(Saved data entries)

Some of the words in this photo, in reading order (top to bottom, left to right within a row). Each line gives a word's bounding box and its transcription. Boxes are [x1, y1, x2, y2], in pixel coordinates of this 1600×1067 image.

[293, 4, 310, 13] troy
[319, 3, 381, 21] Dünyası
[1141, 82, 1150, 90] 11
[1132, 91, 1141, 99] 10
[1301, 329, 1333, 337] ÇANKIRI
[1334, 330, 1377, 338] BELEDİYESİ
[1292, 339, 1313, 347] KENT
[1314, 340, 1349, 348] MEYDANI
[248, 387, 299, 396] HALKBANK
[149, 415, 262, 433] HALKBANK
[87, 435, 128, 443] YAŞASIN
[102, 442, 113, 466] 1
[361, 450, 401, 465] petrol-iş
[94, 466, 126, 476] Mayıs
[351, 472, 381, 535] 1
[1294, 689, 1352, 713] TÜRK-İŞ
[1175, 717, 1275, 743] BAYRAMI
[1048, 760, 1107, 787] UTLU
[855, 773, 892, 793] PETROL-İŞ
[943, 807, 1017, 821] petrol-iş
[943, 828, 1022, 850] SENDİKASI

● **Required work**: Whatever the entries above contain, reproduce all of them exactly.

● **Solution to the exercise**:
Some of the words in this photo, in reading order (top to bottom, left to right within a row). Each line gives a word's bounding box and its transcription. Boxes are [x1, y1, x2, y2], in pixel coordinates of this 1600×1067 image.

[293, 4, 310, 13] troy
[319, 3, 381, 21] Dünyası
[1141, 82, 1150, 90] 11
[1132, 91, 1141, 99] 10
[1301, 329, 1333, 337] ÇANKIRI
[1334, 330, 1377, 338] BELEDİYESİ
[1292, 339, 1313, 347] KENT
[1314, 340, 1349, 348] MEYDANI
[248, 387, 299, 396] HALKBANK
[149, 415, 262, 433] HALKBANK
[87, 435, 128, 443] YAŞASIN
[102, 442, 113, 466] 1
[361, 450, 401, 465] petrol-iş
[94, 466, 126, 476] Mayıs
[351, 472, 381, 535] 1
[1294, 689, 1352, 713] TÜRK-İŞ
[1175, 717, 1275, 743] BAYRAMI
[1048, 760, 1107, 787] UTLU
[855, 773, 892, 793] PETROL-İŞ
[943, 807, 1017, 821] petrol-iş
[943, 828, 1022, 850] SENDİKASI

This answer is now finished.